◆ Description of the task ◆
Look for "this 1632×1836 image." in the listing below, then copy exactly the line it appears in and all lines after it to the end, and nothing more.

◆ Provided information ◆
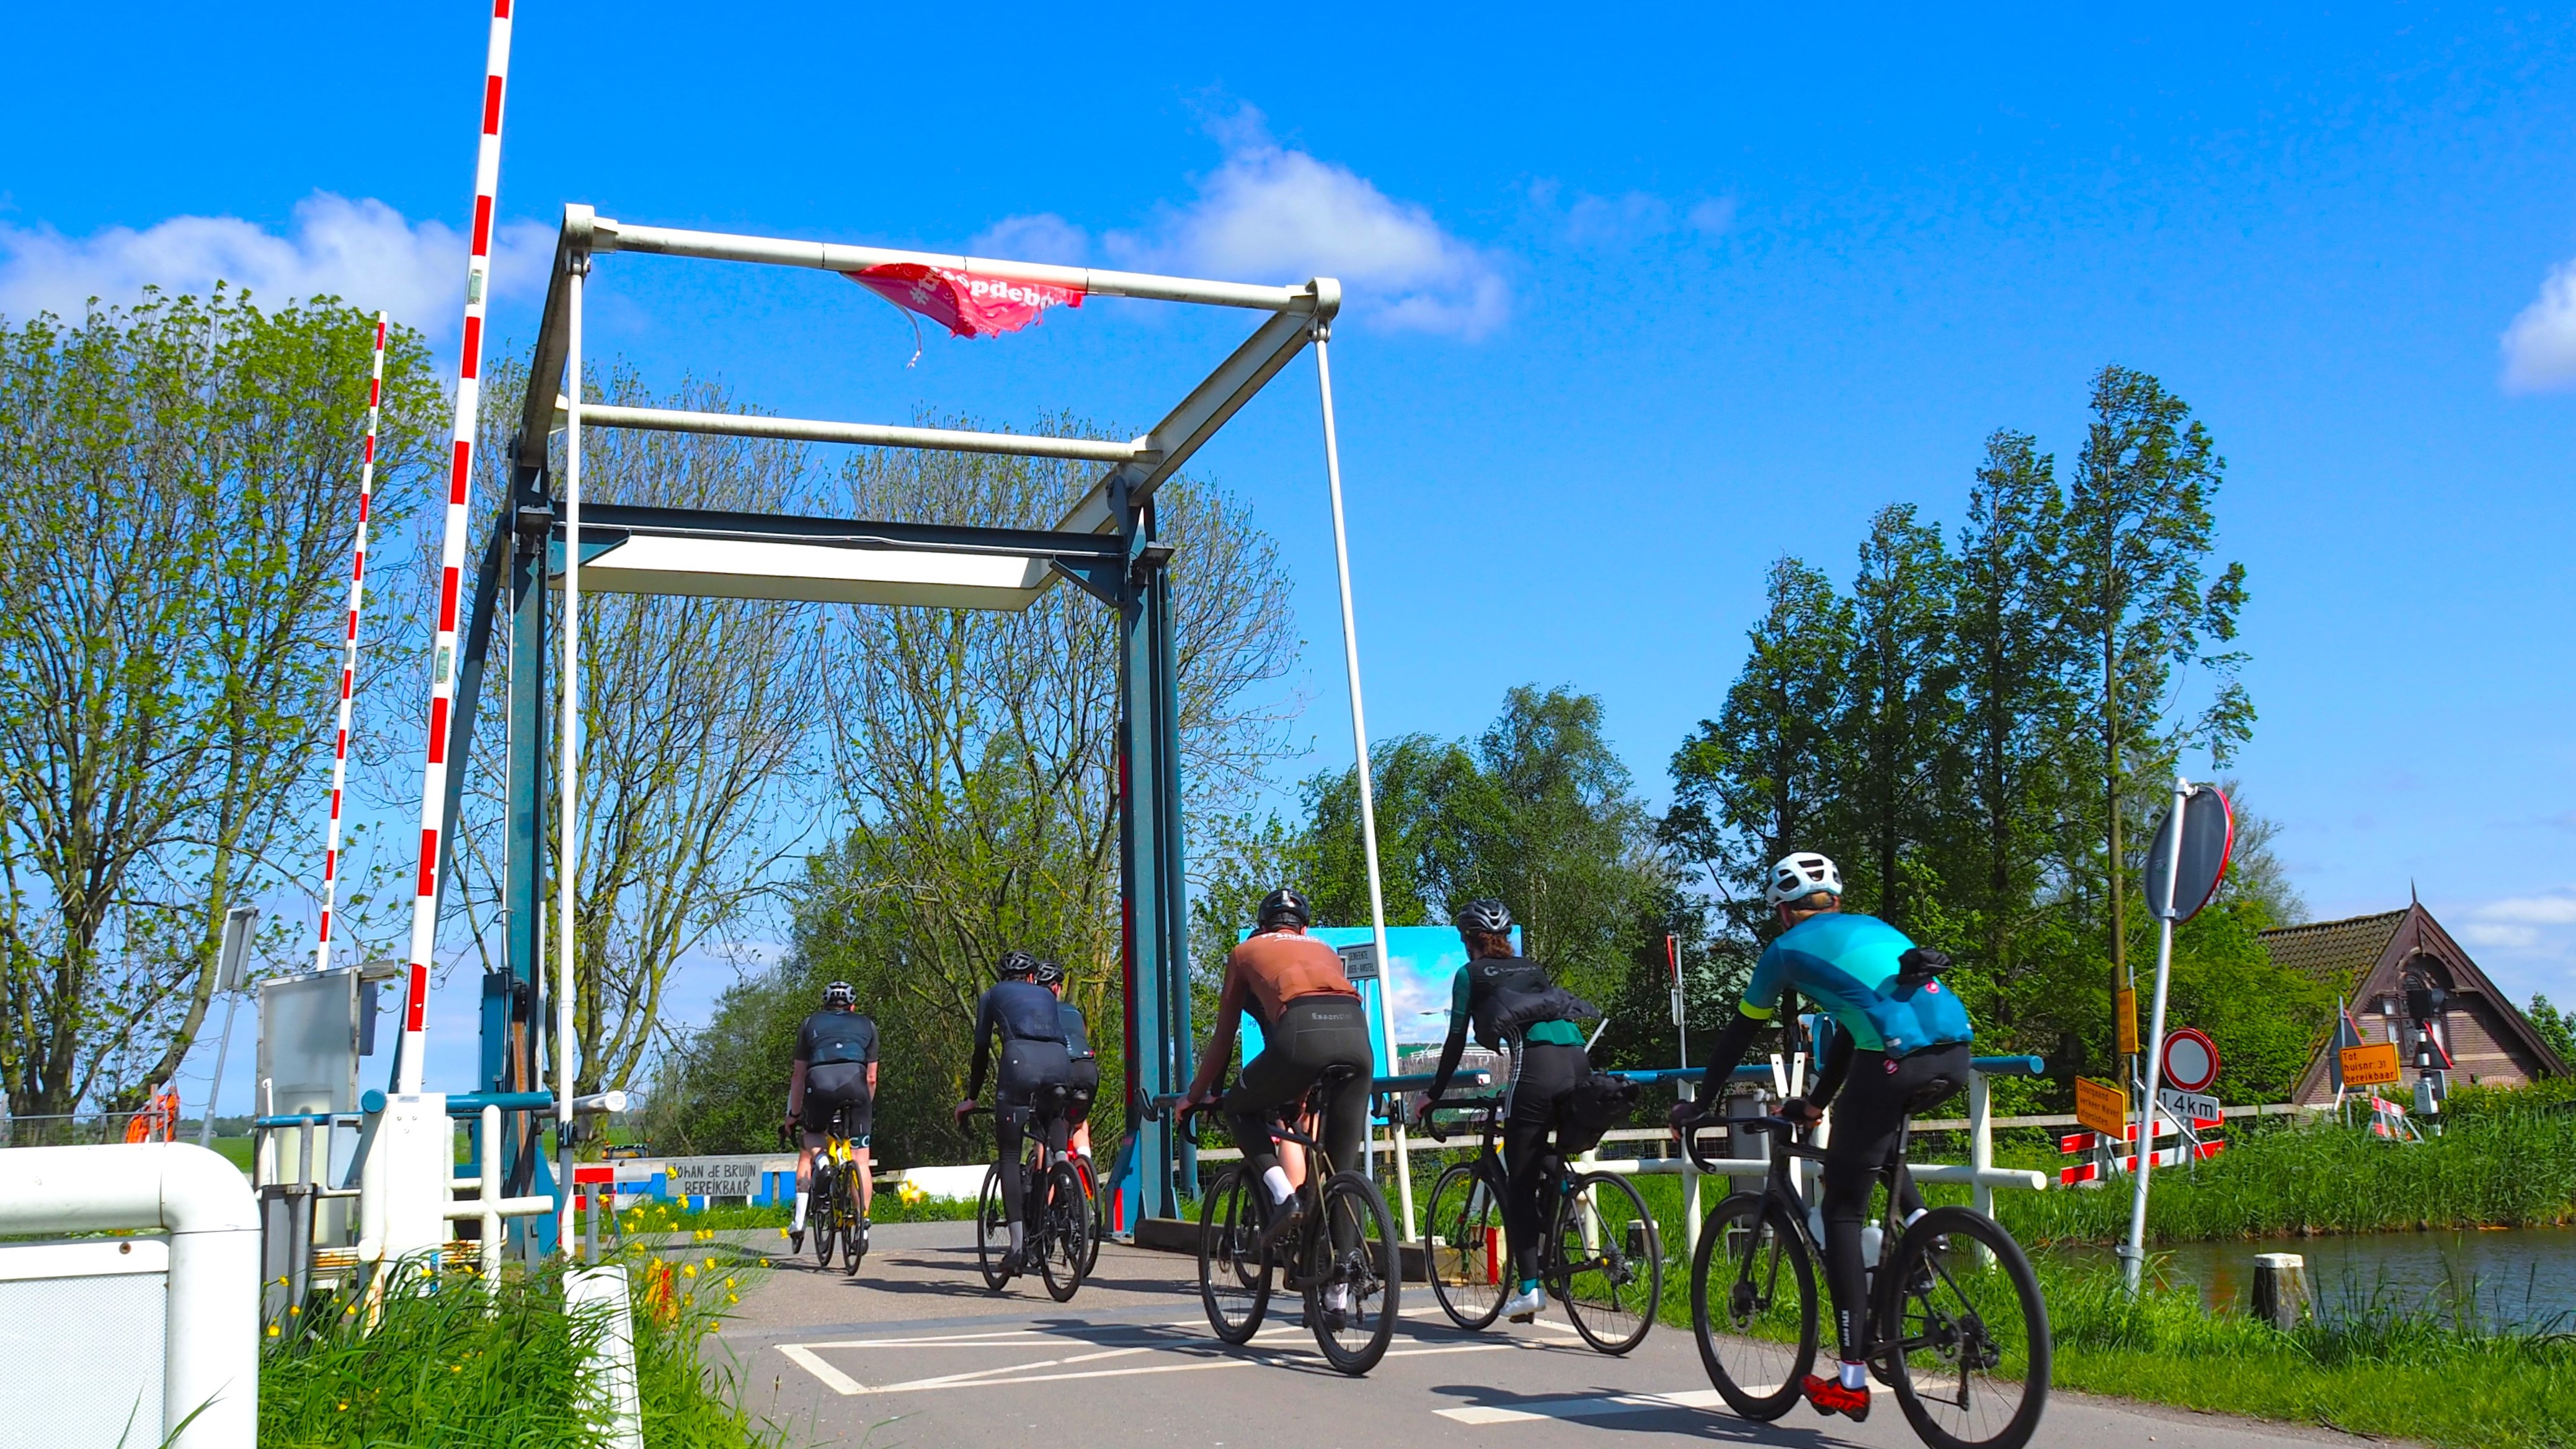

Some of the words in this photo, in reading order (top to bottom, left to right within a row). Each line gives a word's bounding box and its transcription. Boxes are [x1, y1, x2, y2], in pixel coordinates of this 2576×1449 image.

[2343, 1052, 2357, 1061] Tot
[2378, 1060, 2386, 1068] 31
[2345, 1071, 2394, 1083] bereikbaar
[2079, 1082, 2108, 1101] Doorgaand
[2079, 1097, 2100, 1110] verkeer
[2081, 1109, 2109, 1126] afgesloten
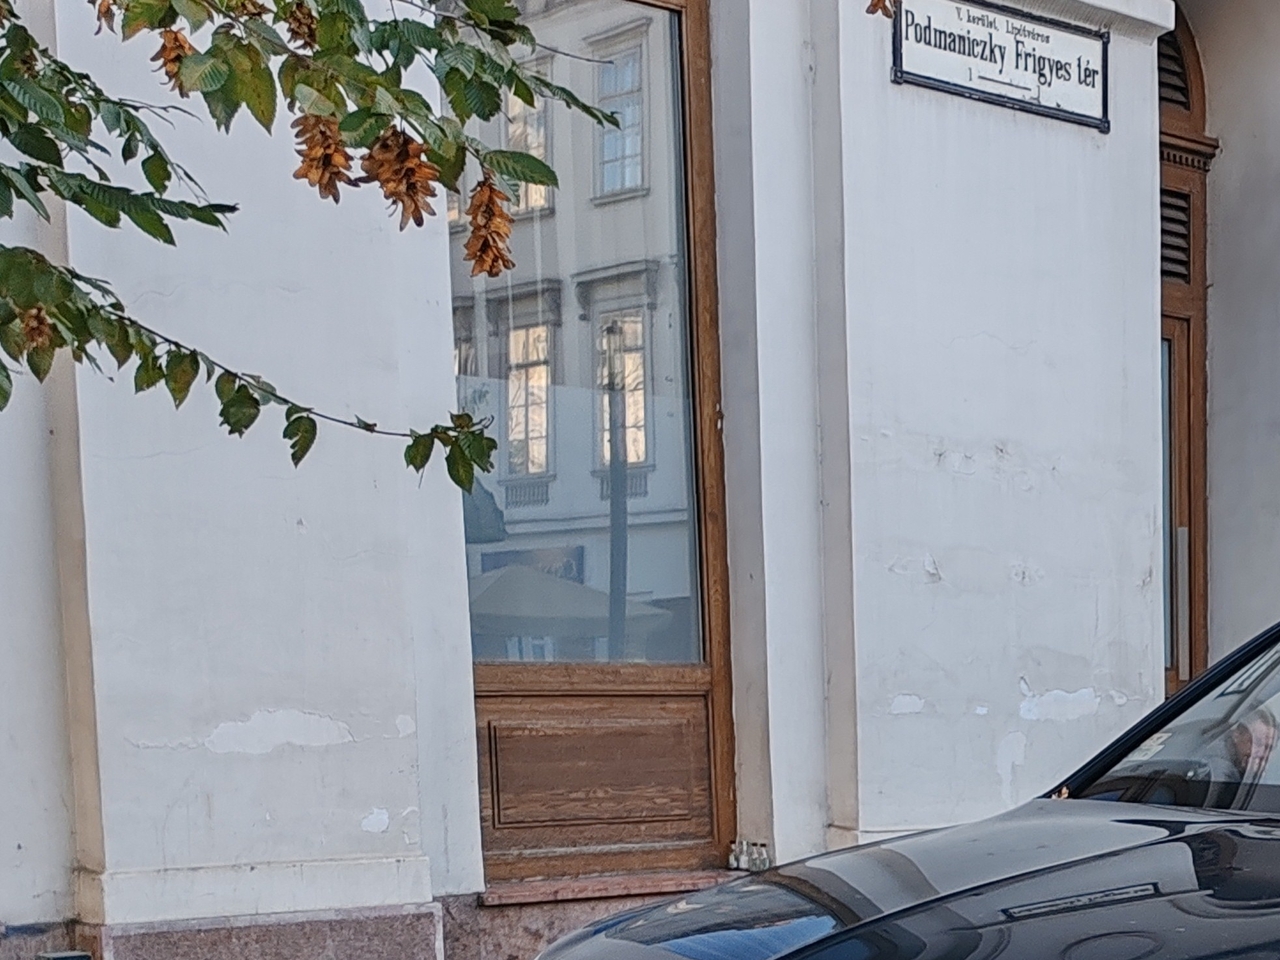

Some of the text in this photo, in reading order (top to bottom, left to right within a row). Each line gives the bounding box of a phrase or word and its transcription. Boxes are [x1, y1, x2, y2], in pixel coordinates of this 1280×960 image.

[955, 6, 963, 21] V.
[904, 9, 1099, 88] Podmaniczky Frigyes tér
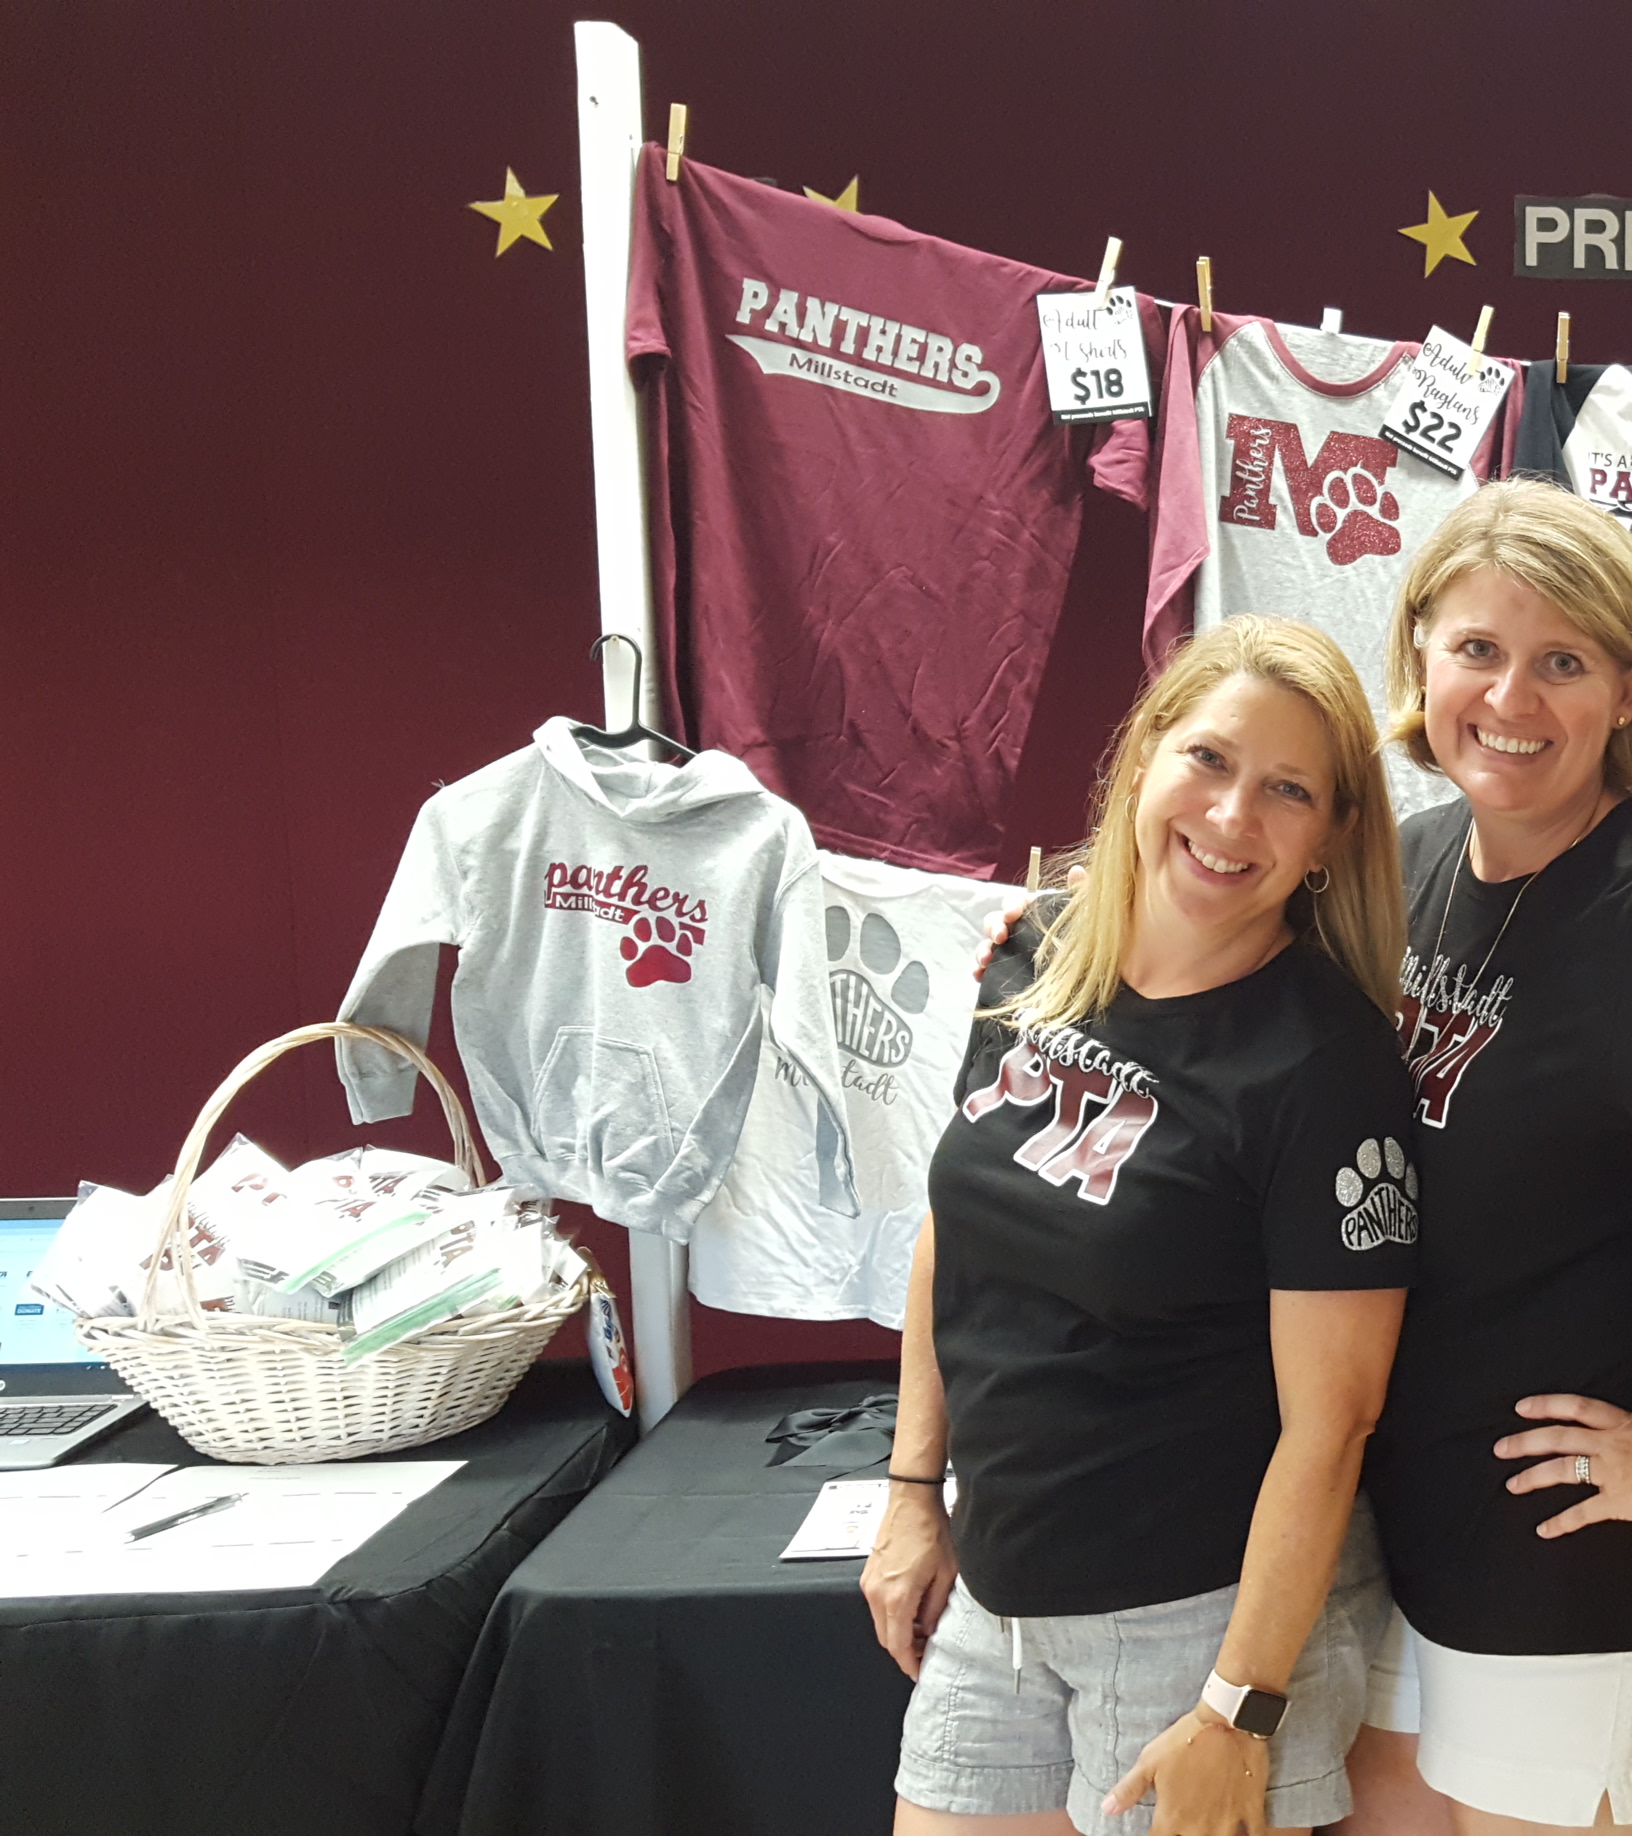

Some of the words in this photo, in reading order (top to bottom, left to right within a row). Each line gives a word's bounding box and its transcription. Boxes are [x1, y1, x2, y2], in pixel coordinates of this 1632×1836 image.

[735, 277, 990, 389] PANTHERS
[788, 351, 899, 399] Millstadt
[1070, 367, 1124, 405] $18
[1413, 366, 1481, 426] Raglans
[1401, 399, 1463, 454] $22
[1232, 426, 1273, 523] Panthers
[1588, 451, 1613, 466] IT'S
[1616, 454, 1628, 468] A
[544, 861, 709, 924] panthers
[963, 1040, 1159, 1206] PTA

◆ The completed task ◆
Some of the words in this photo, in reading order (top to bottom, left to right within a row). Each line gives a word's bounding box and its transcription. Boxes are [x1, y1, x2, y2], in pixel coordinates of this 1632×1836 image.

[735, 277, 990, 389] PANTHERS
[788, 351, 899, 399] Millstadt
[1070, 367, 1124, 405] $18
[1413, 366, 1481, 426] Raglans
[1401, 399, 1463, 454] $22
[1232, 426, 1273, 523] Panthers
[1588, 451, 1613, 466] IT'S
[1616, 454, 1628, 468] A
[544, 861, 709, 924] panthers
[963, 1040, 1159, 1206] PTA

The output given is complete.